The TED Talk-style documentary was made by Chai Jing, a former investigative journalist for China Central Television, a state network. Under the Dome refers to the miasmic smog omnipresent in Chinese cities.
The documentary struck a nerve in China because of the way Ms Chai candidly shares her fears of the threats posed by air pollution to her infant daughter’s health, a common concern among Chinese parents. More about this in a moment.
Ms Chai also assails the politics of environmental regulation by showing how little power officials at the Ministry of Environmental Protection have to enforce environmental laws in China due to the outsize influence of state-owned enterprises and private corporations, especially oil and gas companies, steel producers and automakers. (Sound familiar, Canada?)
Courageously, ministry officials appeared in the documentary and spoke of their inability to regulate these companies.
Predictably, Under the Dome also triggered industry backlash. Wan Zhanxiang, a senior oil company official, wrote an essay for Cubeoil.com suggesting that Ms Chai “doesn’t have enough brains and not enough knowledge or thoughts,” concluding that “she has no insights.”
Over 200 million Chinese disagreed. Which is why Chinese government leaders lay awake at night worrying about the growth of environmentalism among ordinary citizens, who in turn lay awake at night worrying about the future of their children.
Here in Canada, we too are Under the Dome of both rising greenhouse gas emissions and an increasingly repressive, fear-mongering federal government.
As recently reported by The Globe and Mail, the RCMP considers what it calls the “anti-petroleum” movement “a growing and violent threat to Canada’s security.”
Under the recently tabled Bill C-51, the Harper government defines “activity that undermines the security of Canada” as anything that interferes with the economic or financial stability of the country.
The RCMP’s report goes on to extol the value of the oil and gas sector to the Canadian economy, adding that many environmentalists “claim” that climate change is the most serious global environmental threat. According to the RCMP, environmentalists further “claim” that climate change is a direct consequence of human activity and is “reportedly” linked to the use of fossil fuels.
I wonder what the RCMP and the PMO will make of a report launched last week called Acting on Climate Change: Solutions from Canadian Scholars. The report was produced by an initiative called Sustainable Canada Dialogues made up of over 60 scholars from across the country (the report is available free of charge here:http://www.sustainablecanadadialogues.ca/en/endorsement).
I will discuss this groundbreaking report in more detail in my next column, but for now, let me give you a preview.
First, the report states that “climate change is the most serious symptom of non-sustainable development. All sectors of Canadian society must contribute to a transition toward sustainability.”
OK, but how practical is that for Canada? According to the report, “because renewable energy resources are plentiful, we believe that Canada could reach 100 per cent reliance on low carbon electricity by 2035.”
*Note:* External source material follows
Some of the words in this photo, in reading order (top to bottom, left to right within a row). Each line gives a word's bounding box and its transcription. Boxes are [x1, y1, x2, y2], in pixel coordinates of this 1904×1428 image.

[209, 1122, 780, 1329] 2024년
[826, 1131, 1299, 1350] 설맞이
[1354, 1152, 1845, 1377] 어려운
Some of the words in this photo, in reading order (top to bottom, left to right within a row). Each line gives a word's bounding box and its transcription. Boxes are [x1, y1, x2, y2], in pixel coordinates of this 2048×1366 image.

This would make it possible “to adopt a long-term target of at least 80 per cent reduction in emissions by the middle of the century, consistent with Canada’s international climate mitigation responsibility.”
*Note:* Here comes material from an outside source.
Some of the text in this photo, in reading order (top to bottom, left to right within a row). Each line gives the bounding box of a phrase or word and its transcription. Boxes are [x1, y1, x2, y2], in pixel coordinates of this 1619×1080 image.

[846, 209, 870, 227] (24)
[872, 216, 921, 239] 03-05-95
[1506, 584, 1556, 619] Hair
This report is part of a growing effort among academics to translate and mobilize expert knowledge into practical policies. In a future column, I will describe other such projects, including the interdisciplinary Climate Change Platform that a number of my colleagues and I have formed at Lakehead University.
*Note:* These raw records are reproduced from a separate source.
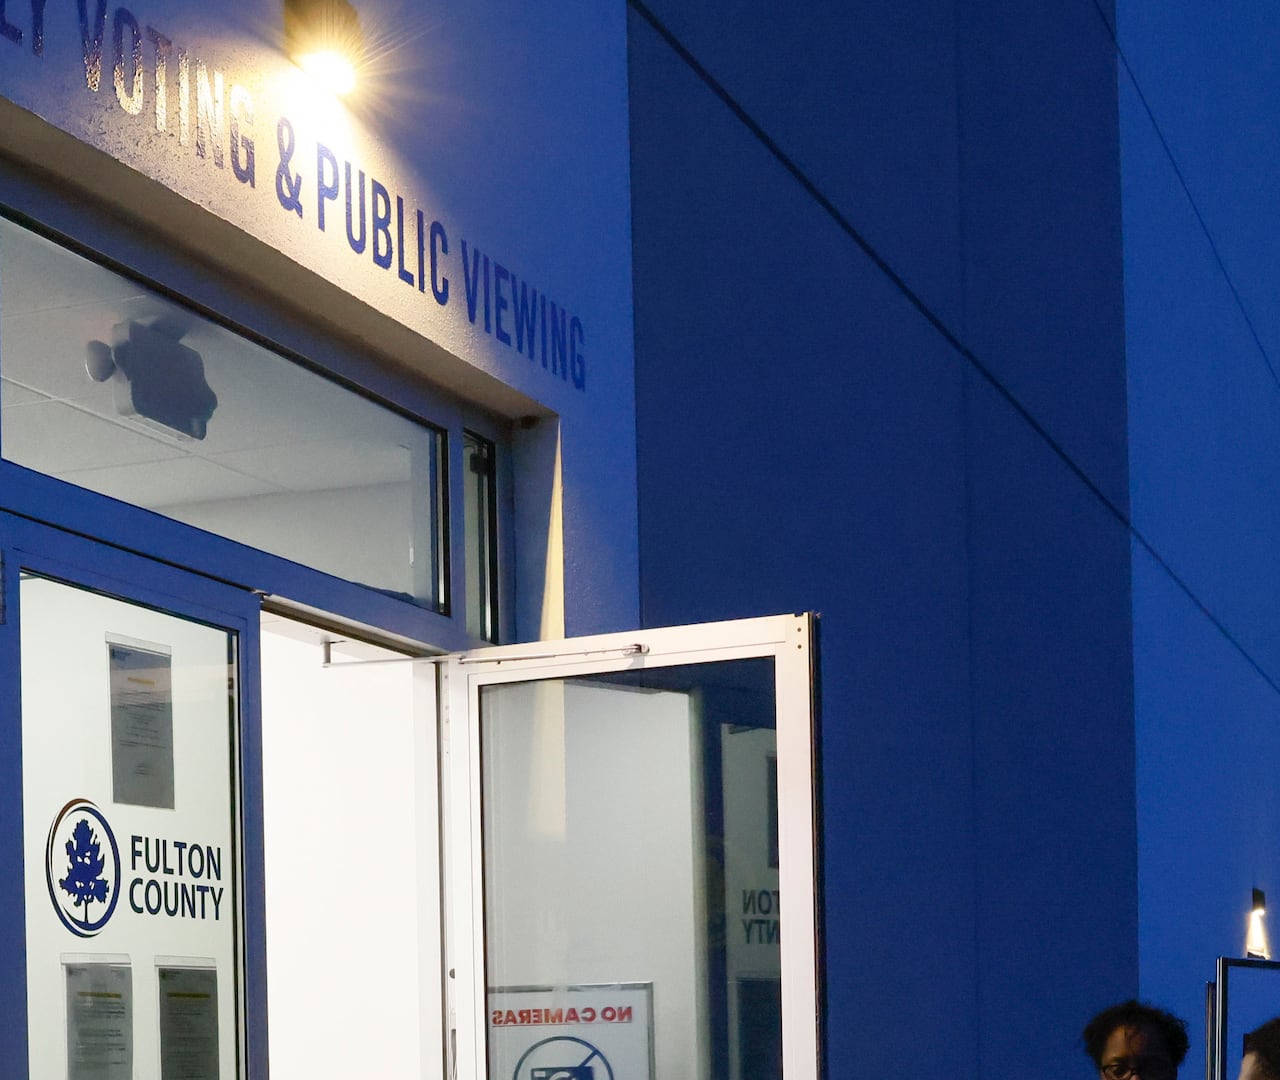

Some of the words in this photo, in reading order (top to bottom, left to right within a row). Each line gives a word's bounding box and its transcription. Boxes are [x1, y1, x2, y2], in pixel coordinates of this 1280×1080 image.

[78, 0, 256, 189] VOTING
[275, 116, 304, 218] &
[317, 141, 450, 306] PUBLIC
[460, 238, 586, 393] VIEWING
[130, 834, 221, 881] FULTON
[128, 878, 224, 921] COUNTY
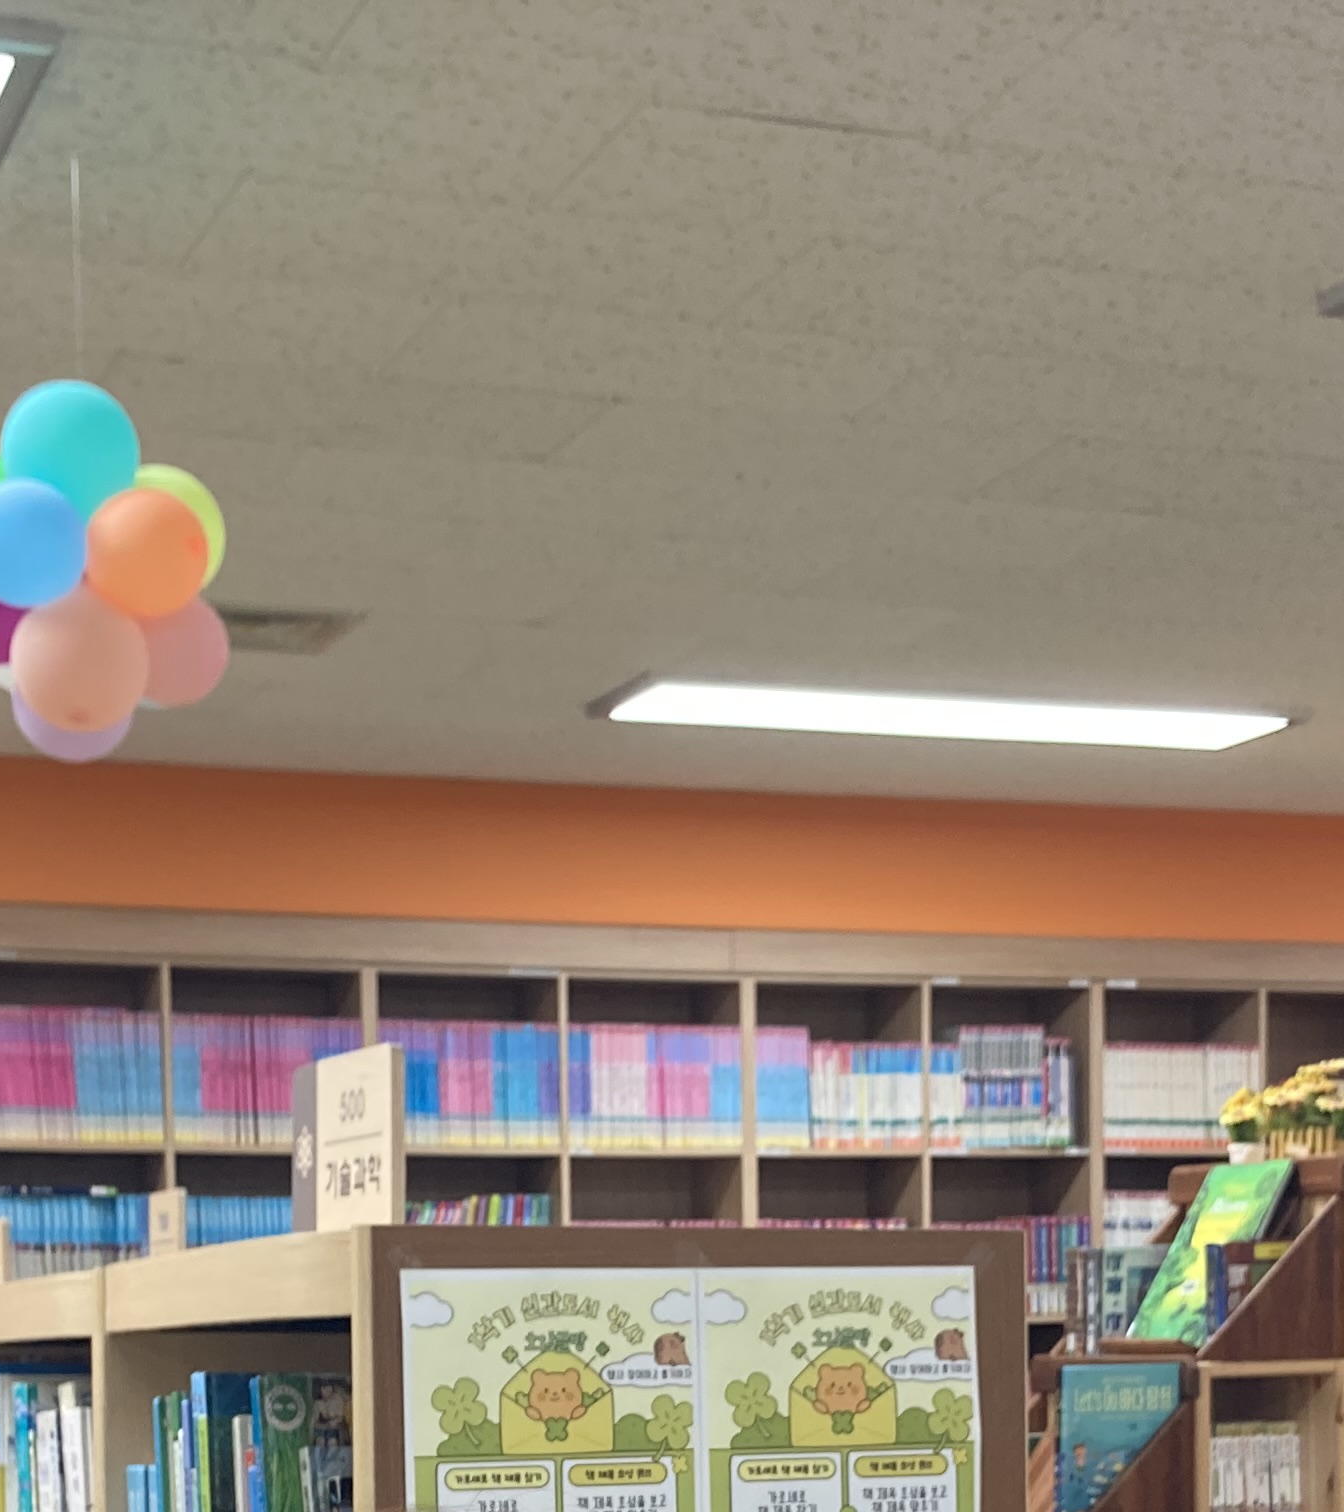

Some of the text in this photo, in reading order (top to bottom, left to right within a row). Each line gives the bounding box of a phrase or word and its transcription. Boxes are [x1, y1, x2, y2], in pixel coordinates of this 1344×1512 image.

Acting on Climate Change: Solutions from Canadian Scholars is directed toward Canadian decision-makers, opinion leaders and elected representatives. Ultimately, however, such projects, not unlike like Ms Chai’s inspiring documentary Under the Dome, are for the next generation.
That’s why Acting on Climate Change is dedicated to “Adèle (2 months) Alice (4 years), Arthur (17 months), Avery (2 years), Brookelyn (7 years), Camille (3 years), Elias (5 years), Emma (1 week), Evan (8 years), Gabriel (2 days), Hanah (9 years), Isis (3 years), Jai (10 years), Josh (10 years), Jules (2 weeks), Keestin (5 years), Louve (11 years), Maggie (13 years), Megan (13 years), Manami (2 years), Matthew (6 years), Mireille (13 years), Naomi (13 years), Penelope (7 years), Samantha (18 months), Tal (16 months), Wilson (12 years), Wusko (9 years), and all other children.”
Jason MacLean teaches environmental law at Lakehead University and writes here biweekly.